Version d'attente de Laocoon
Bertrand observait les alentours, arrimé à son khaya anthotheca, à plus de cinquante mètres au-dessus du sol. Il dominait la canopée, faisant corps avec elle. Depuis trois jours déjà, il entendait la rumeur des tronçonneuses, des arbres qui s’effondraient, des camions qui tractaient et transportaient les troncs. Il faisait corps avec l’arbre, il savait que l’heure était proche et qu'il partagerait le sort de son ami. Que ferait-on de lui ? Des manches de guitares ? Un jeu d’échec ?...
Bertrand sentit un élan érotique le submerger. Il repensa à cette éternellement jeune danseuse, Azielle, qui avait ri de ce qu’il allait faire. A Circée qui lui avait offert un dernier corps à corps amoureux et à cette mort qu’il avait tant désirée. Il étreignit l’arbre, il caressa l’écorce et toutes les femmes qu’il avait connu. L’heure vint. Le fracas d’une vie qui s’effondre tout près. L’orage approchait, les coups se rapprochaient. Ils ne se rendraient compte de sa présence qu’après. Est-ce que cela les ferait réfléchir ? Il sentait la peur de l’arbre. Un frémissement ? Il le vivait dans toutes ses cellules. L’Acajou blanc ne craignait pas la mort mais il savait que s’il disparaissait, ses sujets en pâtiraient. Bertrand n’était pas son seul hôte. Il l’avait accepté ; il ne rejetait personne. Il avait d’abord envoyé ses insectes, inspecter ce drôle d’animal. Il avait senti que son corps bougeait avec lui quand le vent lui parlait. Il avait écouté le rythme qui battait en lui et il avait commencé à comprendre. Le petit être vivait pour lui et non pas seulement de lui. Il demandait à être adoubé. Alors il l’avait accueilli. Bertrand faisait partie de la forêt. Chacun avait sa place et manquerait à l’ensemble s’il disparaissait. La forêt était une entité dont Lacejambe était désormais un atome. Ils mourraient tous ensemble même si c’était l’un après l’autre. Sa gorge se noua. Il les voyait qui s’agitaient en contre-bas. Petite armée de bucherons. Ils parlaient en faisant de grands gestes. Bertrand récusait une dernière fois son humanité. L’écœurement lui tournait la tête. Avait-il déjà été l’un d’entre-eux ? Au soir de sa vie, il ne l’était plus. Plus jamais ! Il fredonna une dernière fois pendant la chute, une mélodie qui dit la pluie et le vent qui apporte les nouvelles, la nuit qui vient, le soleil qui réchauffe… L’arbre pensait aux centaines de vies qu’il avait vécues. Et puis il fit noir, une lumière éblouit Bertrand.

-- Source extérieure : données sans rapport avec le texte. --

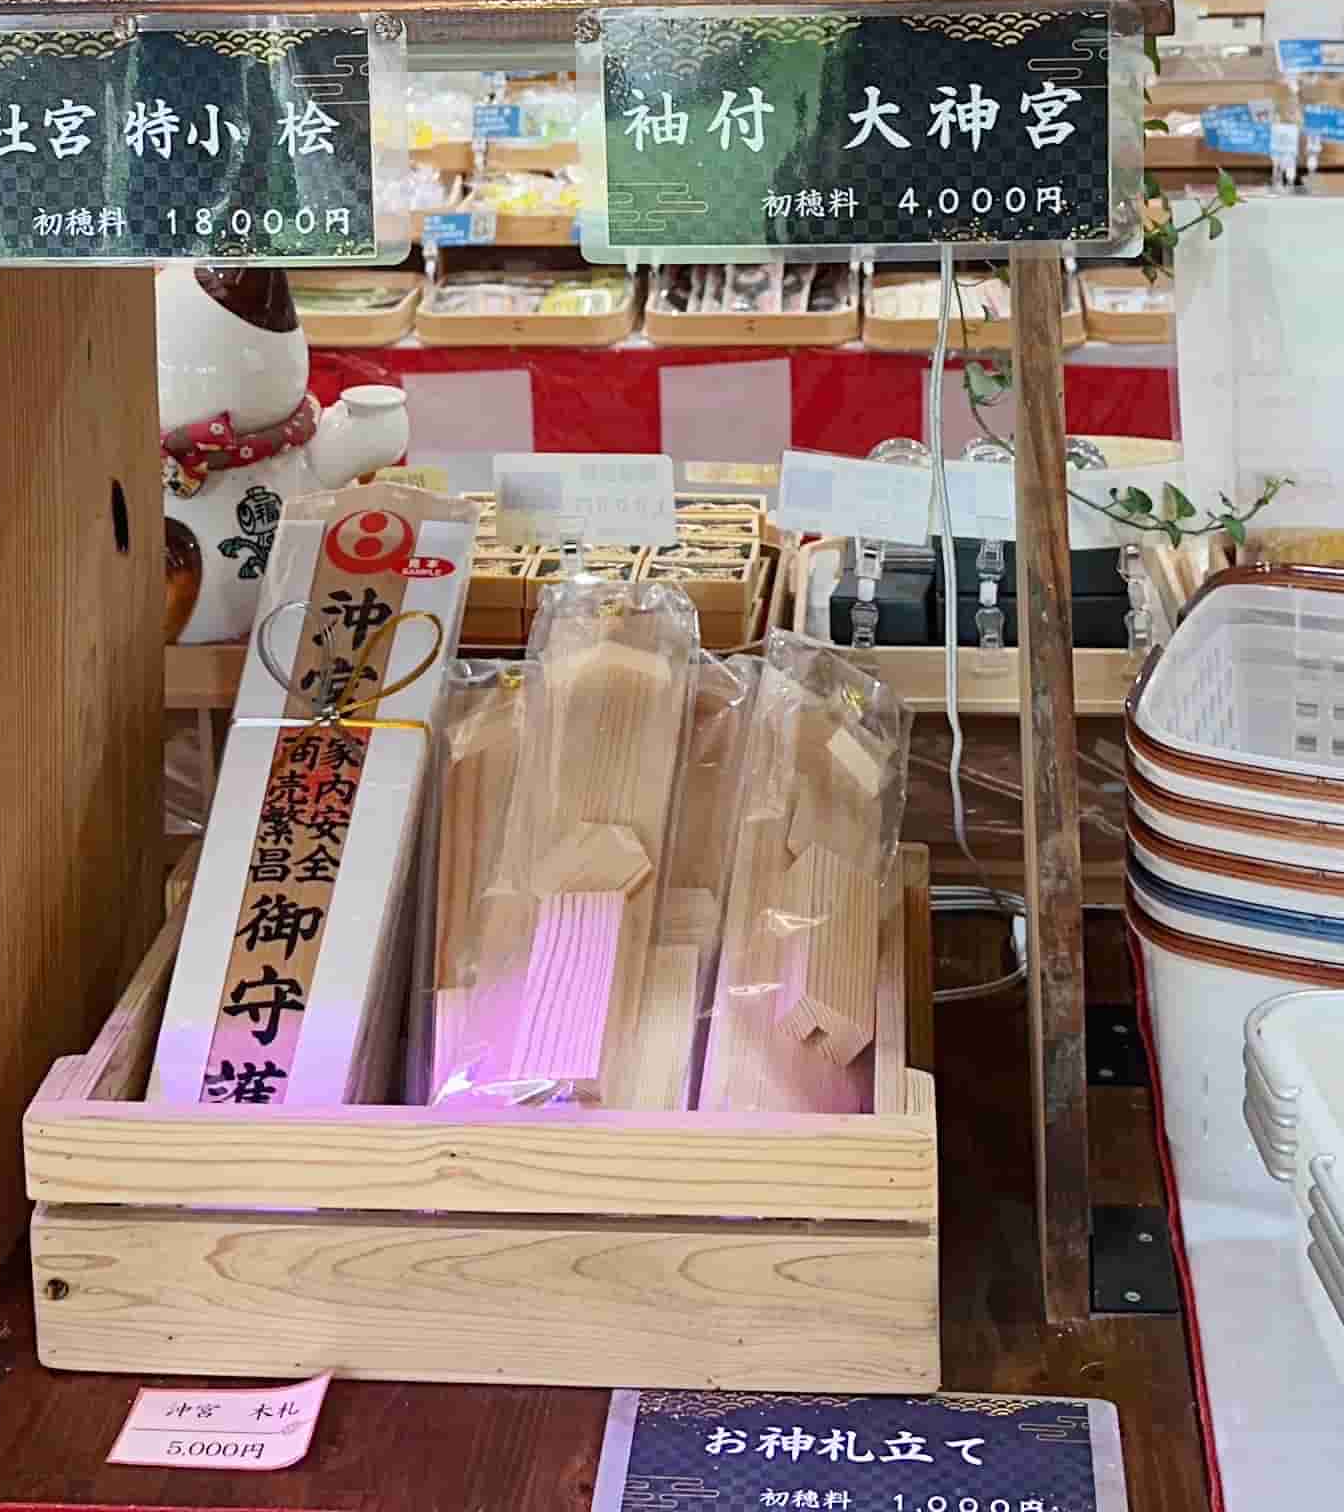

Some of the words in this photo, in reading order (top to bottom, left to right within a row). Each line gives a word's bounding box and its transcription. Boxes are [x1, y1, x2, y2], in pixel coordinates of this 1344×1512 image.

Je suis là car je continue d’être même si je ne sais plus qu’une chose, j’ai été et j’attends d’être à nouveau. Je patiente entouré d’autres avec qui je n’ai aucun moyen de communiquer, je les ressens en moi, autour de moi, partout, familiers, comme des extensions de mes pensées, mais je ne pense à rien... Au-dessus, en dessous, rien n’est précis. Il n’y a pas de sens, pas de sens pour palper l’extérieur ; nous sommes. L’éternité passe, je suis en stase et puis j’ai l’impression de m’éloigner, je suis seul, le temps n’a pas de prise sur moi. J’attends sans savoir quoi. Je suis mon cœur qui bat, le métronome de ma vie a recommencé à battre la mesure. Soudain Je n’aspire plus qu’à une chose : recommencer, aimer, être aimé, cette fois pour de vrai…
La première sensation hors du nid intérieur est un déchirement, l’appel de tous mes sens affamés de sensations, en quête de ce sentiment de satiété que procure l’amour maternel d’abord et puis…
La chaleur, la douceur m’envahit, m’enivre efface tout ce que j’ai pu être. J’aspire le liquide vital. J’entends sans comprendre une première voix, haut perchée :
- Son nom ? Une voix qui m’est déjà familière sans que je sache pourquoi lui répond.
- Sabrina.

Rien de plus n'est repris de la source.